Since 1972, the SP500 is up 250x.
So what’s the CAGR (compound annual growth rate)?
One can open the calculator on their phone and type 250^(1/52) - 1
I cannot. I am impelled to estimate the answer. By what? I don’t know, probably the same ghost that makes people play games like Wordle.
I figured I’d share how I did this because practicing mental math is fun.
Recipe:
Immediately recognize that 250x return is about 8 doublings (2⁸ = 256)
If we estimate a 10% log return per year, Rule of 72 predicts in 50 years you double 7 times since at 10% you double every 7 years.

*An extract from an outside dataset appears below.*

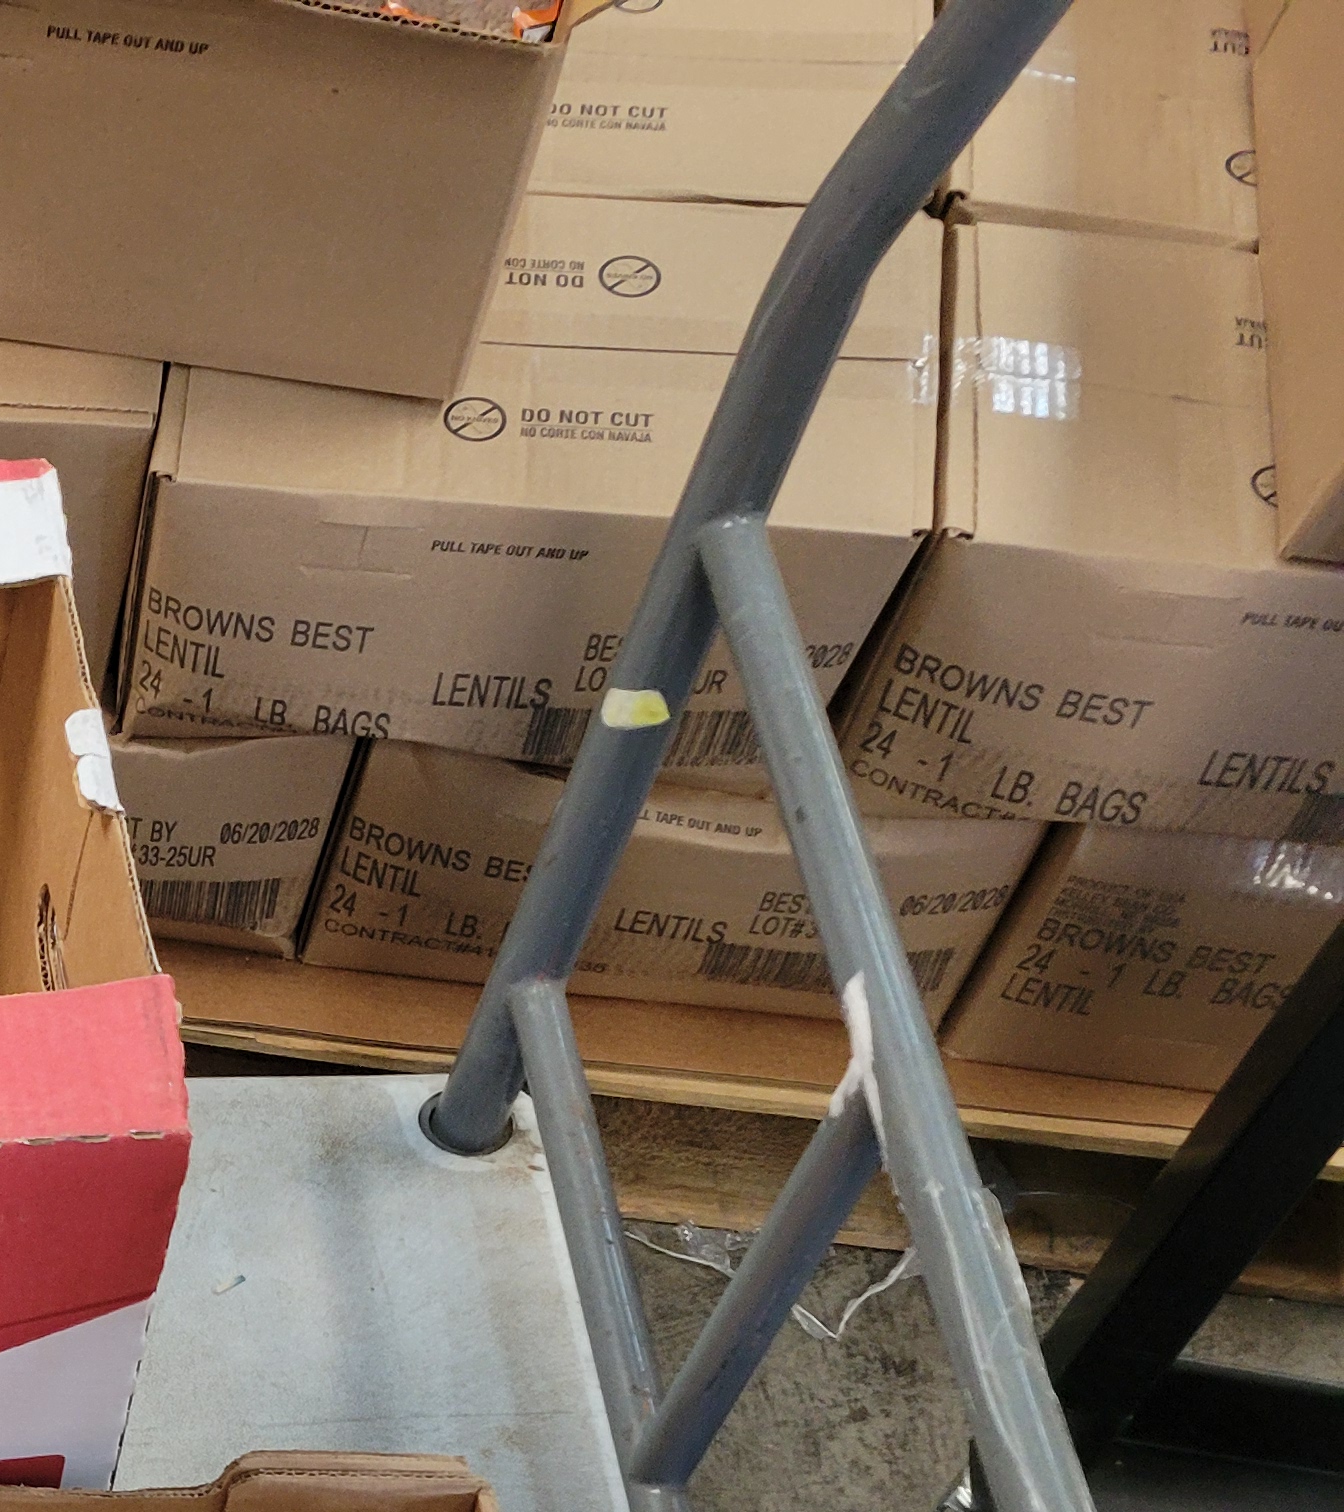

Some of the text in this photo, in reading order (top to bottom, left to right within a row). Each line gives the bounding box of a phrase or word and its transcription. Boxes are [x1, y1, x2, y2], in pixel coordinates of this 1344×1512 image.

Log returns are handy because they are proportional to time. If you doubled 8/7 or 14% more cumulatively, then your return per year must have been 14% greater than 10% or 11.4% compounded.
This reasoning got us quite close to 250^(1/52) - 1 = 11.2%
Shortcut for estimating a 50-year compounded return: 10% (1 + doublings/7)
Compounding feels unnatural. If we compound at 11.2% instead of 10%, over 50 years we get an additional doubling!
At 10% CAGR wealth grows by 2^7 or ~250x
At 11.5% CAGR wealth grows by 2^8 or ~500x
At 13% CAGR, wealth grows by 2^9 or ~1000x
Rule of 72
Formally, the rule of 72 says that if you earn 10% per year, it will take 7.2 years for your money to double. A derivation of rule of 72 can be found here.
If you already know how it’s derived then you can guess that I prefer rule of 69.
[Let’s the Beavis chuckle pass]
If you double wealth, then your log return is ln(2) or .69
.69 / 7 years ~ 10% annual log return
The rule of 69 is very close to rule of 72 but is derived from continuous compounding instead of annual.
I prefer log returns because they are directly proportional to time.
The expression ex is a total quantity of growth. It’s actually assumed to be
e 1 * x where the 1 represents 100% continuously compounded growth and X represents a unit of time. The natural log or ln(ex) then solves for how much time (ie x) did it take to arrive at the total quantity of growth assuming 100% continuous compounding.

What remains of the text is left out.